§ Prompt
In the records below, find the line containing "Some of the words" and the line containing "this 1280×1707 image."; please repeat exactly the lines from one to the other, both included, and nothing more.

§ Dataset
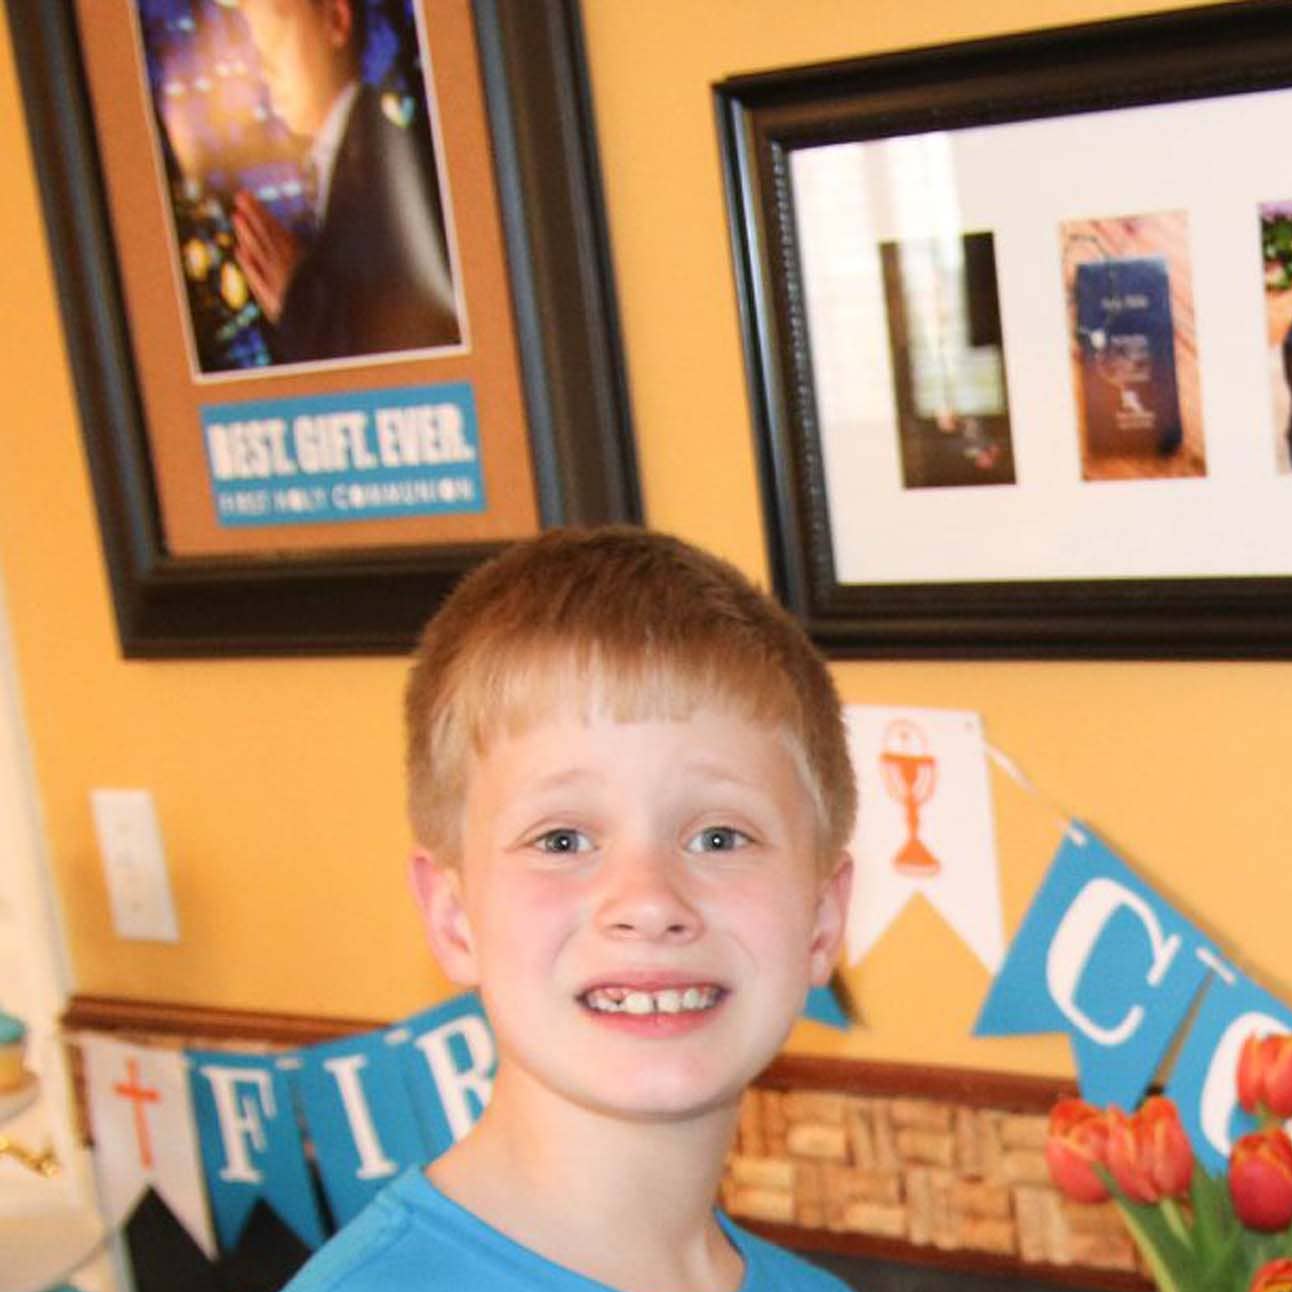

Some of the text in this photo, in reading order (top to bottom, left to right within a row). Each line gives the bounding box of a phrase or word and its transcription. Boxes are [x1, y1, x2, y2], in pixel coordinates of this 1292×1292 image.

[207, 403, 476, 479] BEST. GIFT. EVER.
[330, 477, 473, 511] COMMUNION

* * *

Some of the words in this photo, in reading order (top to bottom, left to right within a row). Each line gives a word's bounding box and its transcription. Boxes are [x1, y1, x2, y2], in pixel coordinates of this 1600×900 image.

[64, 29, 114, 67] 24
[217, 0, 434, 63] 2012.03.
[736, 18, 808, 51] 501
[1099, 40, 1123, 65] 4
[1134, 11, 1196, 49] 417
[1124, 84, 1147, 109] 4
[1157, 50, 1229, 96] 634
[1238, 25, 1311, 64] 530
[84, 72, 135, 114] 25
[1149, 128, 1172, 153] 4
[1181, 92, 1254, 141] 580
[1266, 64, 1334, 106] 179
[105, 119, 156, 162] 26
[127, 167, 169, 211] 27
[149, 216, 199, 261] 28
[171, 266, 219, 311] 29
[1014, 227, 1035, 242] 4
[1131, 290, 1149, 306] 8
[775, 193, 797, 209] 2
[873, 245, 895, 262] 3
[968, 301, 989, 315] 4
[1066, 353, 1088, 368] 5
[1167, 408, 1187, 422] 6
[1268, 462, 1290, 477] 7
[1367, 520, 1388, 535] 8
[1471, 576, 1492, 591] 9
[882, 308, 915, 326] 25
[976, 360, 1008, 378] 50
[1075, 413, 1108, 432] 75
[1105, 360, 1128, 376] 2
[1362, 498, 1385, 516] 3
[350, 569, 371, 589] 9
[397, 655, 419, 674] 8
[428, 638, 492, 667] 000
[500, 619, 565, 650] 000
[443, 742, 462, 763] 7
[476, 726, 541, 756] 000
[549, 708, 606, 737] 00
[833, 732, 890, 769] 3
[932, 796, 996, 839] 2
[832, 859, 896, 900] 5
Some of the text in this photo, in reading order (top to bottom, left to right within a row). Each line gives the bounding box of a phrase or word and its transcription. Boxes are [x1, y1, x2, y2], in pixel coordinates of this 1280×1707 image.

§ Response area
Some of the words in this photo, in reading order (top to bottom, left to right within a row). Each line gives a word's bounding box and its transcription. Boxes are [x1, y1, x2, y2], in pixel coordinates of this 1600×900 image.

[64, 29, 114, 67] 24
[217, 0, 434, 63] 2012.03.
[736, 18, 808, 51] 501
[1099, 40, 1123, 65] 4
[1134, 11, 1196, 49] 417
[1124, 84, 1147, 109] 4
[1157, 50, 1229, 96] 634
[1238, 25, 1311, 64] 530
[84, 72, 135, 114] 25
[1149, 128, 1172, 153] 4
[1181, 92, 1254, 141] 580
[1266, 64, 1334, 106] 179
[105, 119, 156, 162] 26
[127, 167, 169, 211] 27
[149, 216, 199, 261] 28
[171, 266, 219, 311] 29
[1014, 227, 1035, 242] 4
[1131, 290, 1149, 306] 8
[775, 193, 797, 209] 2
[873, 245, 895, 262] 3
[968, 301, 989, 315] 4
[1066, 353, 1088, 368] 5
[1167, 408, 1187, 422] 6
[1268, 462, 1290, 477] 7
[1367, 520, 1388, 535] 8
[1471, 576, 1492, 591] 9
[882, 308, 915, 326] 25
[976, 360, 1008, 378] 50
[1075, 413, 1108, 432] 75
[1105, 360, 1128, 376] 2
[1362, 498, 1385, 516] 3
[350, 569, 371, 589] 9
[397, 655, 419, 674] 8
[428, 638, 492, 667] 000
[500, 619, 565, 650] 000
[443, 742, 462, 763] 7
[476, 726, 541, 756] 000
[549, 708, 606, 737] 00
[833, 732, 890, 769] 3
[932, 796, 996, 839] 2
[832, 859, 896, 900] 5
Some of the text in this photo, in reading order (top to bottom, left to right within a row). Each line gives the bounding box of a phrase or word and its transcription. Boxes are [x1, y1, x2, y2], in pixel coordinates of this 1280×1707 image.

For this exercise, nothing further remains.